Problem requirements: An exact copy of the listing is required, with its pictures removed.

▽

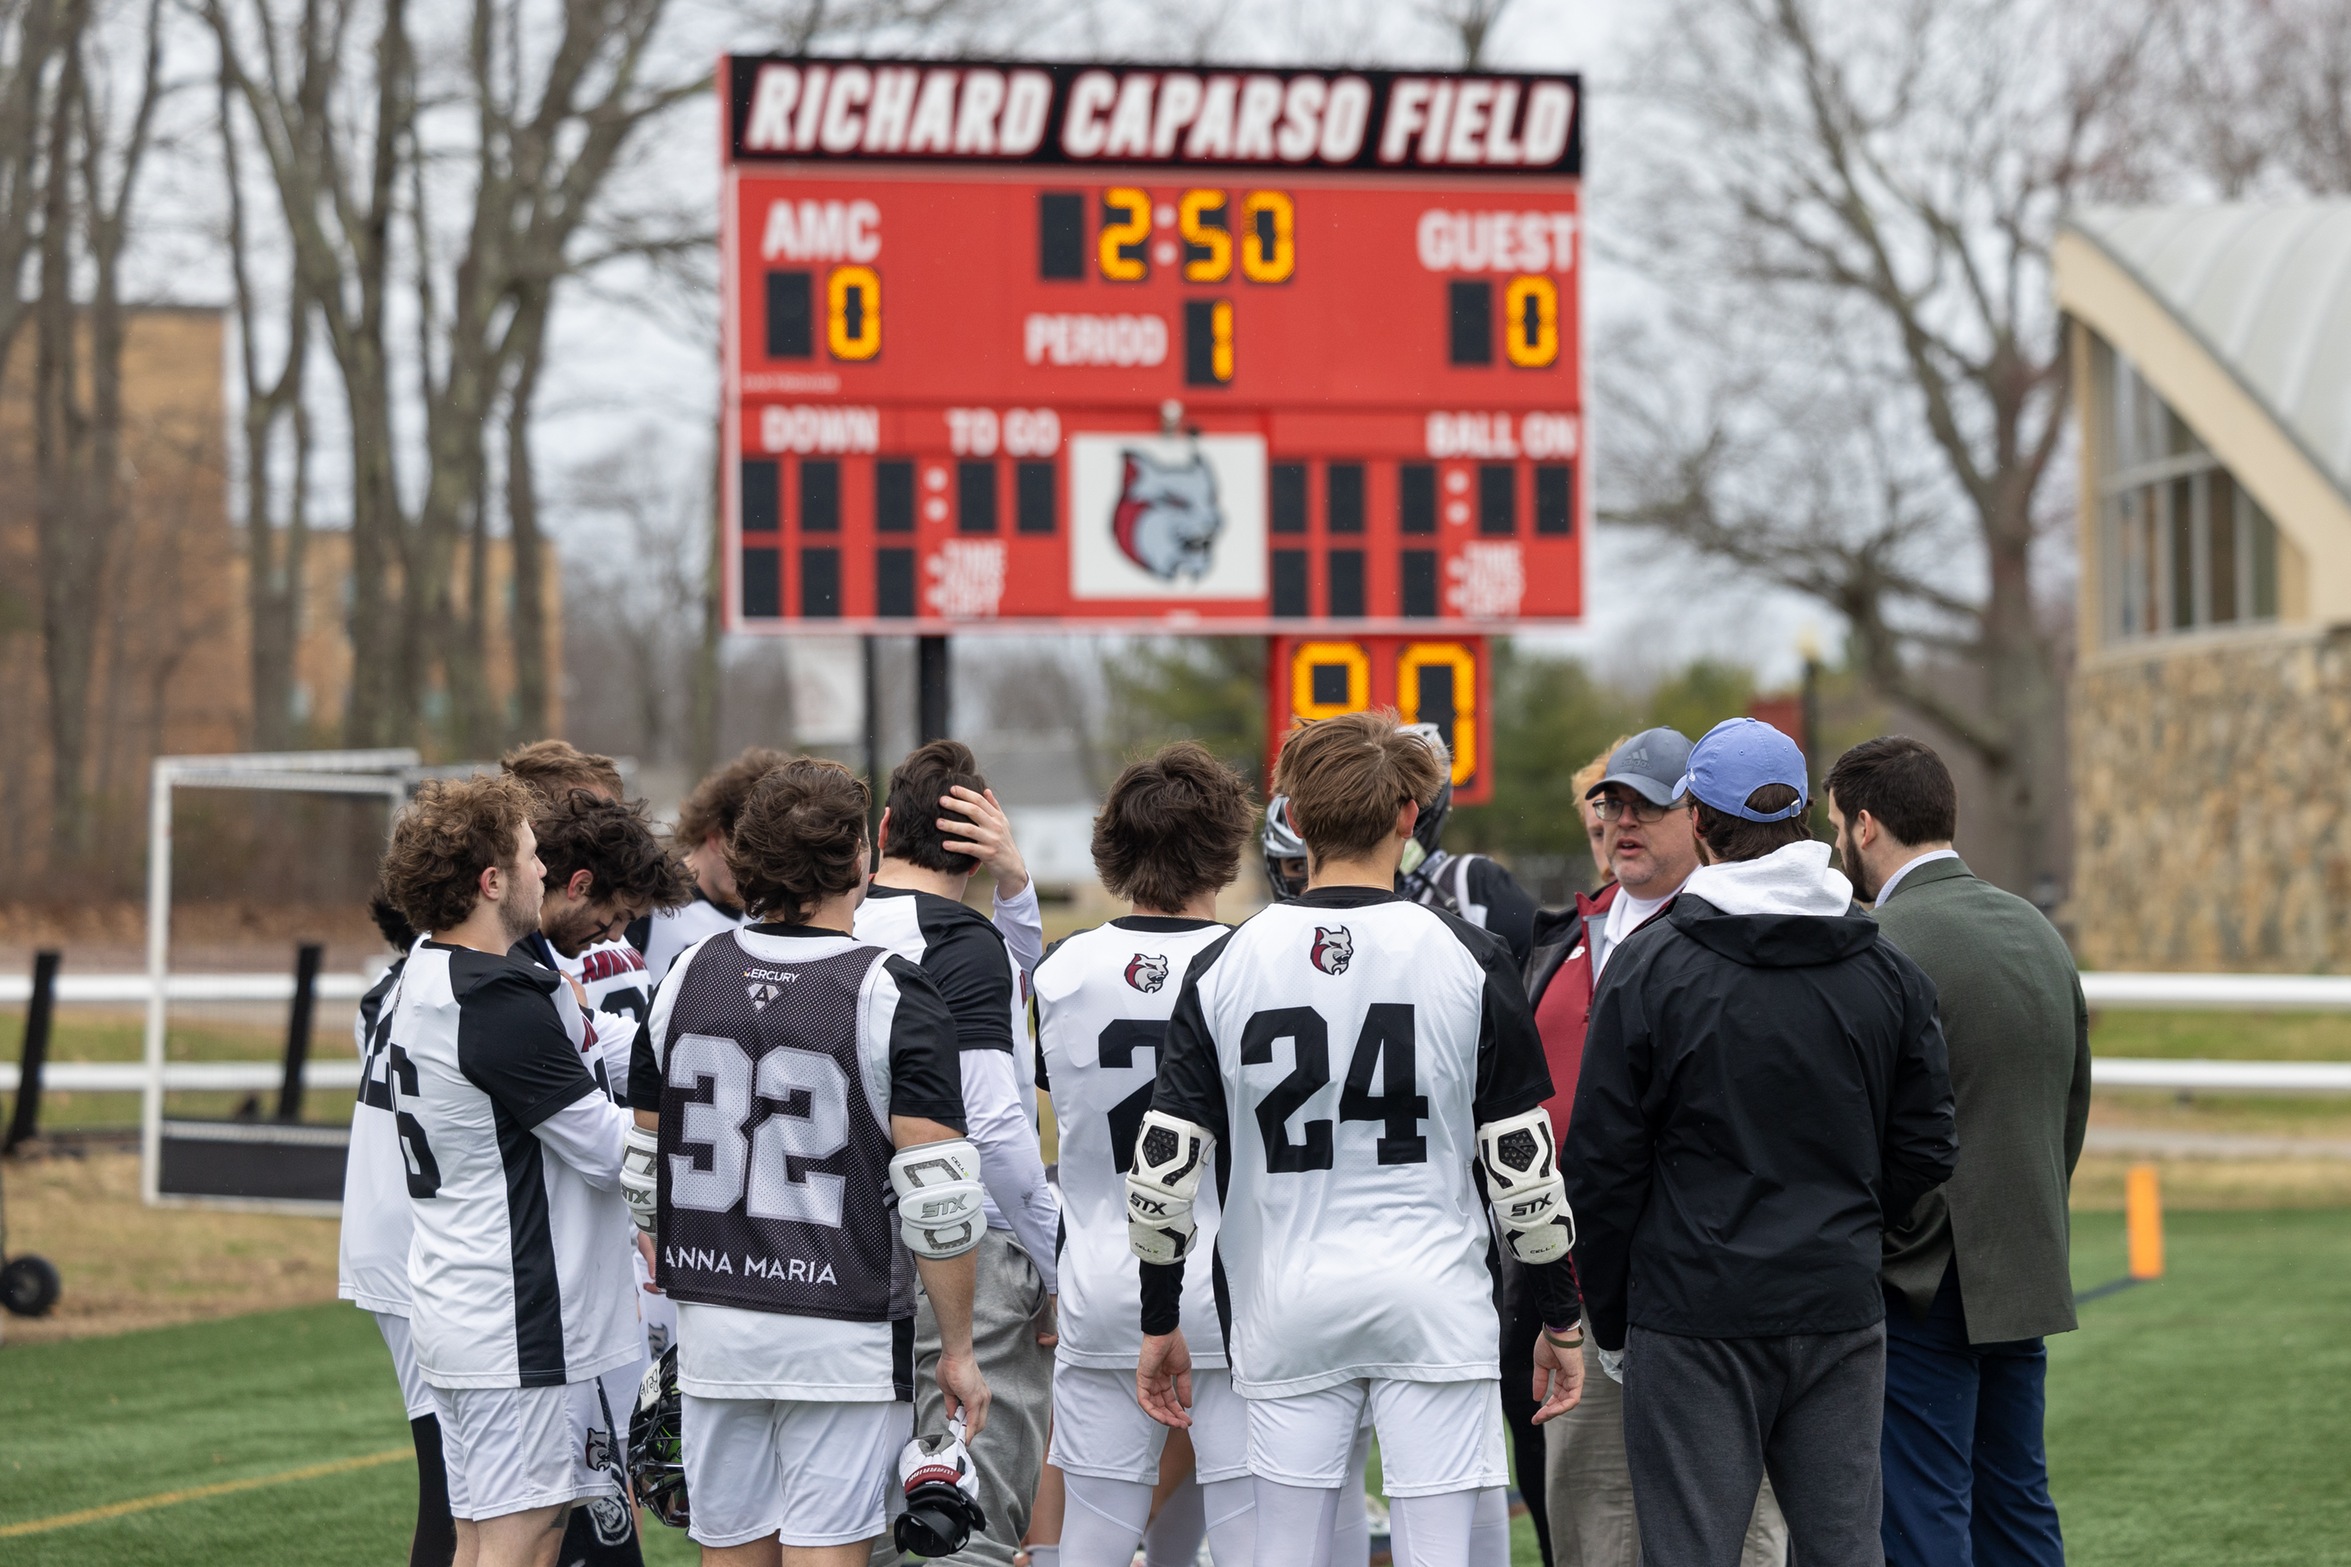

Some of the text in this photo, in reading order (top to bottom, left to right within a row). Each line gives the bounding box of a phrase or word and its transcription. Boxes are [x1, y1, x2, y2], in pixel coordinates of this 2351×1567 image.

[746, 63, 1575, 164] RICHARD CAPARSO FIELD
[762, 199, 882, 264] AMC
[1099, 186, 1295, 282] 2:50
[1416, 208, 1575, 273] GUEST
[827, 266, 882, 361] 0
[1024, 313, 1168, 367] PERIOD
[1211, 300, 1234, 382] 1
[1505, 274, 1558, 368] 0
[762, 404, 879, 454] DOWN
[944, 407, 1061, 457] TO GO
[1426, 411, 1577, 460] BALL ON
[1240, 1003, 1428, 1173] 24
[668, 1032, 850, 1228] 32
[921, 1193, 968, 1218] STX
[1129, 1191, 1167, 1215] STX
[1511, 1192, 1553, 1216] STX
[665, 1245, 837, 1286] ANNA MARIA

△

Task solution:
Some of the text in this photo, in reading order (top to bottom, left to right within a row). Each line gives the bounding box of a phrase or word and its transcription. Boxes are [x1, y1, x2, y2], in pixel coordinates of this 2351×1567 image.

[746, 63, 1575, 164] RICHARD CAPARSO FIELD
[762, 199, 882, 264] AMC
[1099, 186, 1295, 282] 2:50
[1416, 208, 1575, 273] GUEST
[827, 266, 882, 361] 0
[1024, 313, 1168, 367] PERIOD
[1211, 300, 1234, 382] 1
[1505, 274, 1558, 368] 0
[762, 404, 879, 454] DOWN
[944, 407, 1061, 457] TO GO
[1426, 411, 1577, 460] BALL ON
[1240, 1003, 1428, 1173] 24
[668, 1032, 850, 1228] 32
[921, 1193, 968, 1218] STX
[1129, 1191, 1167, 1215] STX
[1511, 1192, 1553, 1216] STX
[665, 1245, 837, 1286] ANNA MARIA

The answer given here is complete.